On this point, I would note to you and to
@BNR32FAN and
@tall73 that regarding God resting - we really should interpret that as a prophecy of Christ reposing in the tomb on Holy Saturday, and also as God not making any changes in the world for one day after the initial creation of man - in the case of God in His divine nature, He is, it should be noted ,eternal and immutable, meaning He does not change, and does not experience time, for He created time, time is a property of this world and this life, which God exists outside of (and which hopefully we will as well in the life of the World to Come, in eternal life, since experiencing linear time for all eternity I believe would be torture, indeed on discussing the prospects of it with my bishop he remarked that my fear of linear time unending sounded very much like a description of Hell. Rather inheriting eternal life through theosis means escaping from the constraints imposed by the created attribute of this world known as time.
God Himself is clearly described in the Bible as unchanging, impassable and immutable, except in His incarnation as Christ Jesus, so language about Him for example changing his mind and so on should be interpreted in a non-anthropomorphological concept, for Scripture also makes it clear that God is, in his unoriginate divine essence, inscrutable and beyond comprehension. In Orthodoxy we specifically believe that God can be known only through His energies, such as uncreated grace, and in His incarnation as Jesus Christ, in which our humanity was united with His divinity without change, confusion, separation or division (the important principle of communicatio idiomatum, historically stressed among Protestants by the Lutherans and among ancient Christians most heavily emphasized by the likes of pre-Chalcedonian theologians such as St. Athanasius and St. Cyril of Alexandria, and the Cappadocians and St. John Chrysostom, Oriental Orthodox theologians such as St. Severus of Antioch and St. Philoxenus of Mabbug and the Syriac Orthodox hymnographer and “flute of the spirit”* St. Jacob of Sarugh, and Eastern Orthodox theologians such as St. John of Damascus).

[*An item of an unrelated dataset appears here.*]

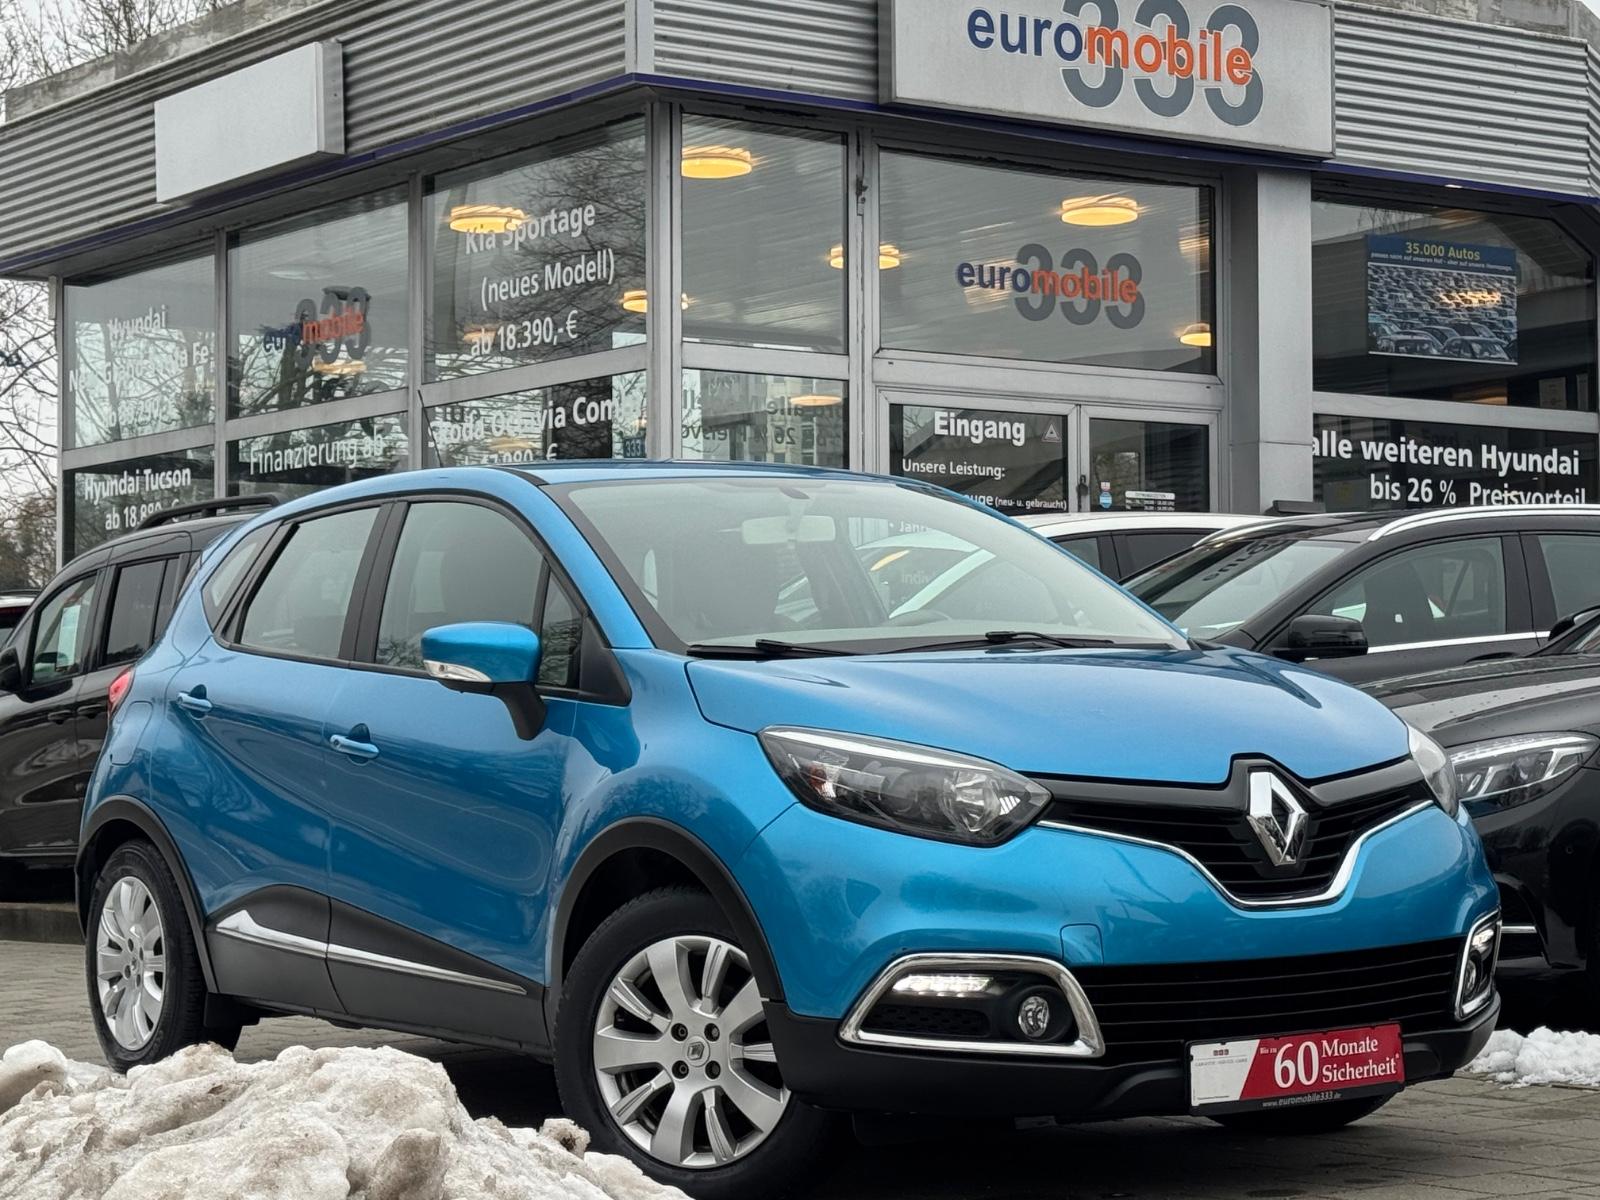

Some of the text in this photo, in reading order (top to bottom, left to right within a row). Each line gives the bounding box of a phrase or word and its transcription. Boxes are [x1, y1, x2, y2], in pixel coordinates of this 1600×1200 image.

* This is a reference to St. Ephraim the Syrian as Harp of the Spirit. The Nestorians of the time proposed Mar Narsai as ”flute of the Spirit”, but Mar Narsai is deeply uncomfortable for an Orthodox Christian, although some of his hymns remain in use in the Assyrian Church of the East and the Ancient Church of the East, some of his hymns were extremely ugly examples of Nestorianism at his worse, for example, he composed a him in which, contrary to the principle of communicatio idiomatum idiomatum, he specifically attributed individual acts of Christ to his divinity or to his humanity, in a dichotomistic way which contradicted the idea of the Incarnation and of Christ as Emanuel - God with Us.
By the way my fellow Orthodox friend
@prodromos and my Lutheran friend
@ViaCrucis have written eloquently about
communicatio idiomatum. I feel it is an important principle which is also extremely relevant to this thread.
In addition, I believe we must not overlook the prophetic element of 1 Genesis - while I do not deny it refers to the creation of the universe, I believe it very clearly refers to the passion and resurrection of Christ and the light of the World to Come. Consider that the process of the creation of man began on the sixth day, not with “Let there be” as in a single action completed immediately, but rather uniquely, “Let us create man in our image”, implying a process, one which, the same day of the week many years later Christ remade us in His image on the Cross, before proclaiming “it is finished” - after Pontius Pilate upon seeing Christ having been suffered declared “Ecce homo” - behold the Man. Then, on the Seventh Day, Christ our God - who created all things (John 1:1-18) and cannot be contained, reposed in the tomb, just as He had been via a great mystery contained in the womb of our Glorious Lady Theotokos and Ever Virgin Mary. And on the first day, the day of creation, Christ rose from the dead, 49 days later, the Holy Spirit descended, and this also alludes to the mystical eigth day of creation - the light of the World to Come. Let there be light! And the structural similarity between John 1 and Genesis 1 I believe underscores the prophetic aspects of Genesis chapter 1.
Regarding Christ as the completion of man, and salvation as the process of becoming human, through Theosis, that is to say, putting on Christ in Baptism just as Christ our God put on our humanity, as attested by Galatians 3:27, which we Orthodox sing on the feast of the Baptism of our Lord - Theophany (january 6th) - “Whoever has been baptized in Christ has put on Christ! to which we add an ”Alleliuia”, the former dean of St. Vladimir’s Seminary and current successor of Metropolitan Kallistos Ware, memory eternal, at Oxford, Fr. John Behr, has spoken of this subject extensively. I particularly enjoyed his lecture “The Shocking Truth of Orthodoxy,” if memory serves he also wrote a book on Patrisitics on this theme entitled Becoming Human, which unfortunately I have not had the time to read but is high on my reading list.